Antonio Hanke

 

Antonio HANKE – (Brosdorf  – Slesia) 21.12.1840 – Trieste 3 .12.1891)

Testo di Mario Galli pubblicato su Alpi Giulie 66,Trieste 1971
Nell’ottantesimo anniversario della scomparsa, Antonio Hanke è stato ricordato dalla nostra Commissione Grotte con una semplice cerimonia nel cimitero di San Canziano. E’ stato il deferente ossequio dovuto a chi ha conquistato alla speleologia triestina, forse più di ogni altro, quell’aura di prestigio che fino ad oggi con onore è stata mantenuta.
Antonio Hanke nacque a Brosdorf, in Slesia, il 21 dicembre 1840; dopo una rapida carriera, diresse dal 2 giugno 1880 l’I.R. Ufficio di garanzia di Trieste ed il 23 aprile 1889 venne promosso al rango di “consigliere montanistico”. Per singolare coincidenza ebbe la stessa carica ricoperta quarant’anni prima da Antonio Federico Lindner e nelle esplorazioni sotterranee pregiudicò come lui la salute e la vita.

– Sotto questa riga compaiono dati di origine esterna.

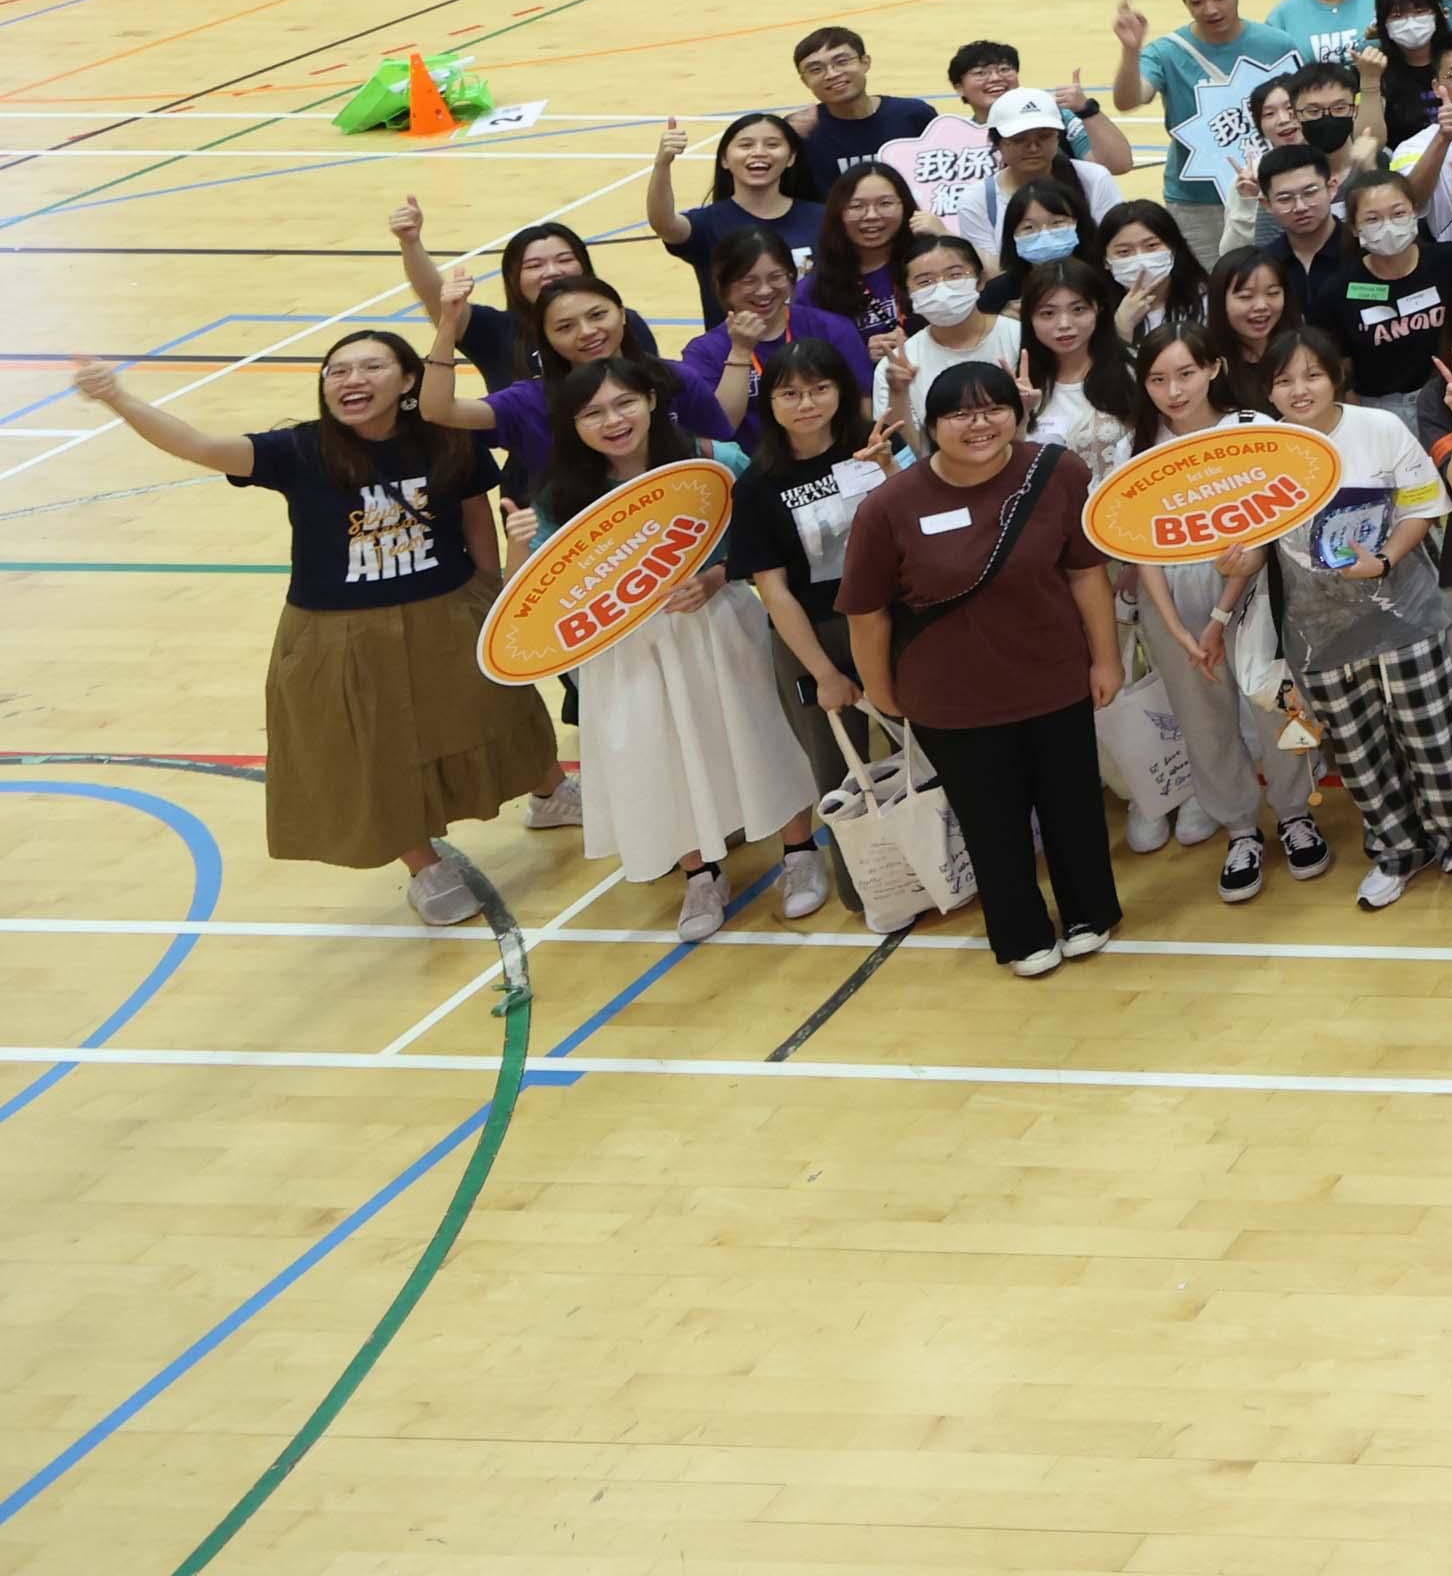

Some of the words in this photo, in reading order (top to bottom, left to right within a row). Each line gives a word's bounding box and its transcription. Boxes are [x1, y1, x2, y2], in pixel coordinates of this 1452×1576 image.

[915, 147, 996, 184] 我係
[931, 184, 965, 217] 組
[1120, 454, 1202, 502] WELCOME
[1197, 441, 1279, 474] ABOARD
[1161, 467, 1267, 511] LEARNING
[1184, 469, 1202, 484] let
[1203, 463, 1224, 479] the
[1149, 474, 1309, 549] BEGIN!
[513, 539, 590, 620] WELCOME
[588, 487, 666, 543] ABOARD
[559, 518, 662, 609] LEARNING
[578, 549, 595, 570] let
[595, 535, 615, 558] the
[555, 513, 710, 652] BEGIN!

Lindner, scopritore dell’abisso di Trebiciano,è il più celebre dei precursori; Hanke il più grande dei padri della moderna speleologia triestina. Come tale essa nacque infatti non con le pur leggendarie imprese dei tempi primi, tanto diverse nei criteri e negli intenti, ma con la sua costituzione in organici sodalizi dove riunire e coordinare iniziative ed energie. E grazie ad Antonio Hanke essa può vantare l’esordio più illustre: l’esplorazione della grotta di San Canziano, il più arduo e seducente problema del Carso sempre in precedenza affrontato invano.

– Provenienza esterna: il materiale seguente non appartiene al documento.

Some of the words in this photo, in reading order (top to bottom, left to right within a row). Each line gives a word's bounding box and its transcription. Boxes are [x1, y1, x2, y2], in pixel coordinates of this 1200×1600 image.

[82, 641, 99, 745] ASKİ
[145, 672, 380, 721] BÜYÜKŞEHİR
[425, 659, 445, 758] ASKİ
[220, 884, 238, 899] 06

Con gli inadeguati mezzi del tempo occorsero sedici spedizioni, nel corso di sette anni, per raggiungere il 5 settembre 1890 le sponde del “lago morto”, al termine dell’enorme galleria del Timavo sotterraneo. Dal fondo delle voragini il fiume era stato seguito per quasi due chilometri ed una profondità di cento metri, superando venticinque cascate spesso fra pareti a picco sulle acque vorticose. Fino a quella data inoltre,altre trentotto uscite erano state effettuate per preparativi, per la minuziosa perlustrazione delle cavità laterali e per la costruzione dell’arditissimo sentiero alto. Vera “via ferrata” sotterranea, che consentiva di percorrere le pareti della galleria a sufficiente altezza per sottrarsi al pericolo delle improvvise piene. Antonio Hanke era stato l’animatore di quell’esplorazione che Martel definì la più difficile e pericolosa mai fino ad allora compiuta; in essa gli furono compagni Giuseppe Marinitsch e Federico Mueller, che in lui riconoscevano”il maestro e capo incontestato, l’amico valente ed oculato, il lavoratore infaticabile, primo nell’avanzarsi, ultimo nel retrocedere”. Curò personalmente il “libro delle grotte” della Sezione Litorale dell’Alpenverein, ricco di annotazioni, di schizzi e di relazioni, che purtroppo è andato perduto; a stampa egli non lasciò una parola, soltanto i precisi rilievi. Dagli scritti degli altri sappiamo della sua accortezza e coraggio, del suo grande amore per il Carso, cui dedicò sempre tutto il tempo libero, della sua benevolenza verso ipoveri villici, dei quali fu amico e benefattore. Tra essi inoltre egli scelse quelle ardimentose sue “guide” che gli furono collaboratori validi ed affezionati.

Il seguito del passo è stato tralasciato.